◆ Exercise requirements ◆
Repeat every entry below exactly.

Saved data entries
================
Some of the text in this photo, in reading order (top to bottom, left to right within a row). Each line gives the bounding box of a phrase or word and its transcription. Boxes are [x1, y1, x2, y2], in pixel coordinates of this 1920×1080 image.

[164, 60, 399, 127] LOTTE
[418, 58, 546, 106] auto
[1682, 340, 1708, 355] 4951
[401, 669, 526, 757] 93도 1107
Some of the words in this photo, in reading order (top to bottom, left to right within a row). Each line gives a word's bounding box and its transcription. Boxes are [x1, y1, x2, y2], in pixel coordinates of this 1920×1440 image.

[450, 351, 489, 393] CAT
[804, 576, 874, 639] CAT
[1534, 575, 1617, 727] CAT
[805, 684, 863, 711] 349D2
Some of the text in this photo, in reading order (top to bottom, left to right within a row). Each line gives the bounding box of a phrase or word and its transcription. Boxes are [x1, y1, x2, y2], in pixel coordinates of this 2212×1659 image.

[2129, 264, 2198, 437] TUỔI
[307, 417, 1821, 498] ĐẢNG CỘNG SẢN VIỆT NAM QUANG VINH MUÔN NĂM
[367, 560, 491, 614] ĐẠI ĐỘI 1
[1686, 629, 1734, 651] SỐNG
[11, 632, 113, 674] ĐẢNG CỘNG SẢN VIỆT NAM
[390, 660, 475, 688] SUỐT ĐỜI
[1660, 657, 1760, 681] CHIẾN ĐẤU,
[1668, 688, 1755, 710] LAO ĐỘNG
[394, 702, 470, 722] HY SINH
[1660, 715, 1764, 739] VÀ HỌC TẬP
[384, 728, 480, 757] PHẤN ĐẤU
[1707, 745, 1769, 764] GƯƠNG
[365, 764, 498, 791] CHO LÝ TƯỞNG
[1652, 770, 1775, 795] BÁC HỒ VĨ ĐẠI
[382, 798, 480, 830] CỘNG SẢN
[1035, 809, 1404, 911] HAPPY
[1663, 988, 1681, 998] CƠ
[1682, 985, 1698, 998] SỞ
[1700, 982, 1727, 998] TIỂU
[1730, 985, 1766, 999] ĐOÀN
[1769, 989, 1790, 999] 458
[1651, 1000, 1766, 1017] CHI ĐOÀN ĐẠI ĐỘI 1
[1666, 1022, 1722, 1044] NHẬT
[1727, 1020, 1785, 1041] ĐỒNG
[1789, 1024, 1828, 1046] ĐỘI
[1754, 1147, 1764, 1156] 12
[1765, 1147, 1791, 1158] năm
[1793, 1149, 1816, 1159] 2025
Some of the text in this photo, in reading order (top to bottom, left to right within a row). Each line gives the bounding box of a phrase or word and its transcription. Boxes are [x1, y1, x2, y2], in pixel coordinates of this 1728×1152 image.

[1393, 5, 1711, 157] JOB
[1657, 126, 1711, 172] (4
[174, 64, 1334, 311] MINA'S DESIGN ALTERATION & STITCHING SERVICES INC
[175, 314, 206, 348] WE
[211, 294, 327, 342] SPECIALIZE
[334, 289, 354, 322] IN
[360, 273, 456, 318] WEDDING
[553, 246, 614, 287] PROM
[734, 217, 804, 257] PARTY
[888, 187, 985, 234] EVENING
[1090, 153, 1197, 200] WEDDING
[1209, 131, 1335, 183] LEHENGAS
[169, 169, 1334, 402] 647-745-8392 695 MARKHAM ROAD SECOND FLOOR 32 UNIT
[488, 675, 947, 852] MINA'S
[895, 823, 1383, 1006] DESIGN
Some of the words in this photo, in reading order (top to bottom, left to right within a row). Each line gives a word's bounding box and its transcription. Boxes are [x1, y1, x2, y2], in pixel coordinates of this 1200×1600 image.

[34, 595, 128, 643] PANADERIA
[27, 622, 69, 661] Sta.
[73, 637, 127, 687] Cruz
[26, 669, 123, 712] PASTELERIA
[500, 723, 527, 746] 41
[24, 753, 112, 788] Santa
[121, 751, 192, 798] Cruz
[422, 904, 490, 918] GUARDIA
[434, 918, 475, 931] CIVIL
================
◆ Your solution ◆
Some of the text in this photo, in reading order (top to bottom, left to right within a row). Each line gives the bounding box of a phrase or word and its transcription. Boxes are [x1, y1, x2, y2], in pixel coordinates of this 1920×1080 image.

[164, 60, 399, 127] LOTTE
[418, 58, 546, 106] auto
[1682, 340, 1708, 355] 4951
[401, 669, 526, 757] 93도 1107
Some of the words in this photo, in reading order (top to bottom, left to right within a row). Each line gives a word's bounding box and its transcription. Boxes are [x1, y1, x2, y2], in pixel coordinates of this 1920×1440 image.

[450, 351, 489, 393] CAT
[804, 576, 874, 639] CAT
[1534, 575, 1617, 727] CAT
[805, 684, 863, 711] 349D2
Some of the text in this photo, in reading order (top to bottom, left to right within a row). Each line gives the bounding box of a phrase or word and its transcription. Boxes are [x1, y1, x2, y2], in pixel coordinates of this 2212×1659 image.

[2129, 264, 2198, 437] TUỔI
[307, 417, 1821, 498] ĐẢNG CỘNG SẢN VIỆT NAM QUANG VINH MUÔN NĂM
[367, 560, 491, 614] ĐẠI ĐỘI 1
[1686, 629, 1734, 651] SỐNG
[11, 632, 113, 674] ĐẢNG CỘNG SẢN VIỆT NAM
[390, 660, 475, 688] SUỐT ĐỜI
[1660, 657, 1760, 681] CHIẾN ĐẤU,
[1668, 688, 1755, 710] LAO ĐỘNG
[394, 702, 470, 722] HY SINH
[1660, 715, 1764, 739] VÀ HỌC TẬP
[384, 728, 480, 757] PHẤN ĐẤU
[1707, 745, 1769, 764] GƯƠNG
[365, 764, 498, 791] CHO LÝ TƯỞNG
[1652, 770, 1775, 795] BÁC HỒ VĨ ĐẠI
[382, 798, 480, 830] CỘNG SẢN
[1035, 809, 1404, 911] HAPPY
[1663, 988, 1681, 998] CƠ
[1682, 985, 1698, 998] SỞ
[1700, 982, 1727, 998] TIỂU
[1730, 985, 1766, 999] ĐOÀN
[1769, 989, 1790, 999] 458
[1651, 1000, 1766, 1017] CHI ĐOÀN ĐẠI ĐỘI 1
[1666, 1022, 1722, 1044] NHẬT
[1727, 1020, 1785, 1041] ĐỒNG
[1789, 1024, 1828, 1046] ĐỘI
[1754, 1147, 1764, 1156] 12
[1765, 1147, 1791, 1158] năm
[1793, 1149, 1816, 1159] 2025
Some of the text in this photo, in reading order (top to bottom, left to right within a row). Each line gives the bounding box of a phrase or word and its transcription. Boxes are [x1, y1, x2, y2], in pixel coordinates of this 1728×1152 image.

[1393, 5, 1711, 157] JOB
[1657, 126, 1711, 172] (4
[174, 64, 1334, 311] MINA'S DESIGN ALTERATION & STITCHING SERVICES INC
[175, 314, 206, 348] WE
[211, 294, 327, 342] SPECIALIZE
[334, 289, 354, 322] IN
[360, 273, 456, 318] WEDDING
[553, 246, 614, 287] PROM
[734, 217, 804, 257] PARTY
[888, 187, 985, 234] EVENING
[1090, 153, 1197, 200] WEDDING
[1209, 131, 1335, 183] LEHENGAS
[169, 169, 1334, 402] 647-745-8392 695 MARKHAM ROAD SECOND FLOOR 32 UNIT
[488, 675, 947, 852] MINA'S
[895, 823, 1383, 1006] DESIGN
Some of the words in this photo, in reading order (top to bottom, left to right within a row). Each line gives a word's bounding box and its transcription. Boxes are [x1, y1, x2, y2], in pixel coordinates of this 1200×1600 image.

[34, 595, 128, 643] PANADERIA
[27, 622, 69, 661] Sta.
[73, 637, 127, 687] Cruz
[26, 669, 123, 712] PASTELERIA
[500, 723, 527, 746] 41
[24, 753, 112, 788] Santa
[121, 751, 192, 798] Cruz
[422, 904, 490, 918] GUARDIA
[434, 918, 475, 931] CIVIL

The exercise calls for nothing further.